Mastoid radiography will show haziness of the mastoid cells from lack
of air entry, but there will be no breakdown of the intercellular walls unless
the condition is of long standing.
TREATMENT. The aim of treatment is to restore the hearing and to prevent
recurrence. A child whose symptoms have lasted for less than 6 weeks may
respond to medical treatment. Nasal decongestion is achieved by nose drops
of 1 per cent ephedrine hydrochloride in normal saline, or by giving a syrup
containing triprolidine hydrochloride and pseudoephedrine (Actifed). It has
been found that in such cases a month's course of sulphamethoxazole syrup
(Gantanol) giving 5 ml once a day is effective in about 50 per cent of patients.
Children with clinical evidence of middle ear fluid who have a conductive
deafness of less than 25 dB, and who suffer from symptoms suggestive of
adenoid enlargement, may be cured by removal of the adenoids.

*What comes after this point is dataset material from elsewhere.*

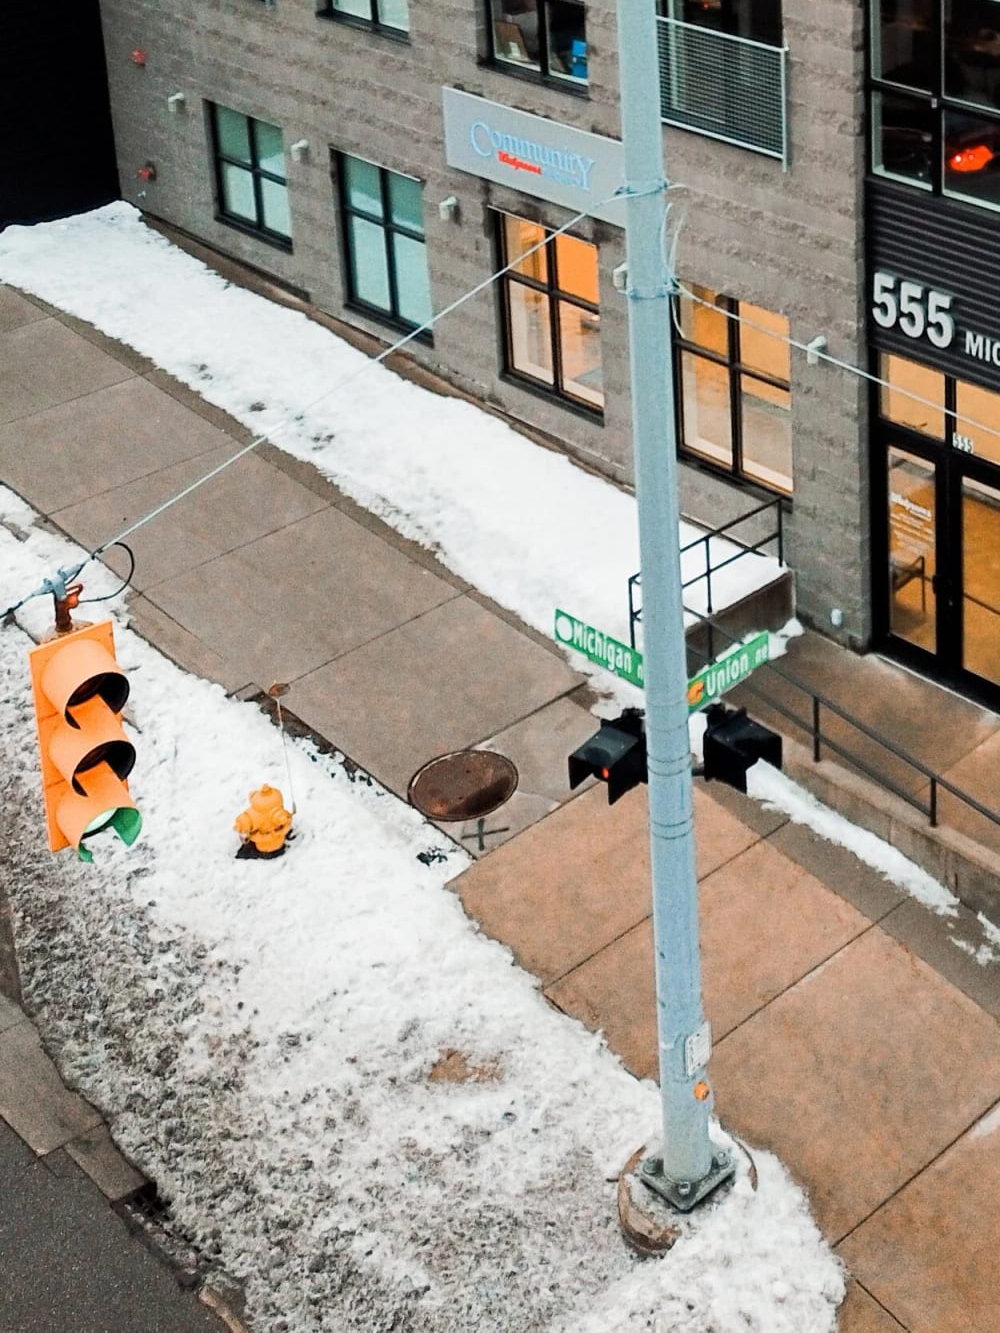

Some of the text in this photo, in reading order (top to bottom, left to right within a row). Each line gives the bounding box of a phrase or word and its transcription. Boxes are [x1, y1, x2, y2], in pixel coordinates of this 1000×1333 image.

[872, 272, 955, 349] 555
[953, 432, 974, 455] 555
[573, 621, 632, 674] Michigan
[707, 653, 748, 695] Union

The majority of patients have had a hearing loss for months when they
are first seen at hospital, and myringotomy and aspiration of the fluid are
the treatment of choice. Under general anaesthesia and with the operating
microscope wax and crusted material are removed. An incision is made in
the postero-inferior quadrant of the membrane and powerful suction is
applied. There may be considerable difficulty in aspirating all the tenacious
glue which is contained, not only in the middle ear, but also in the mastoid
antrum and cells. To facilitate this some surgeons make a second incision
of the drumhead anteriorly so that air may enter and so reduce the vacuum.
Others inject a mucolytic agent, such as chymotrypsin or urea, which
liquefies the viscid fluid. Aspiration must be continued until no more fluid
is obtained, or the chances of a recurrence are increased.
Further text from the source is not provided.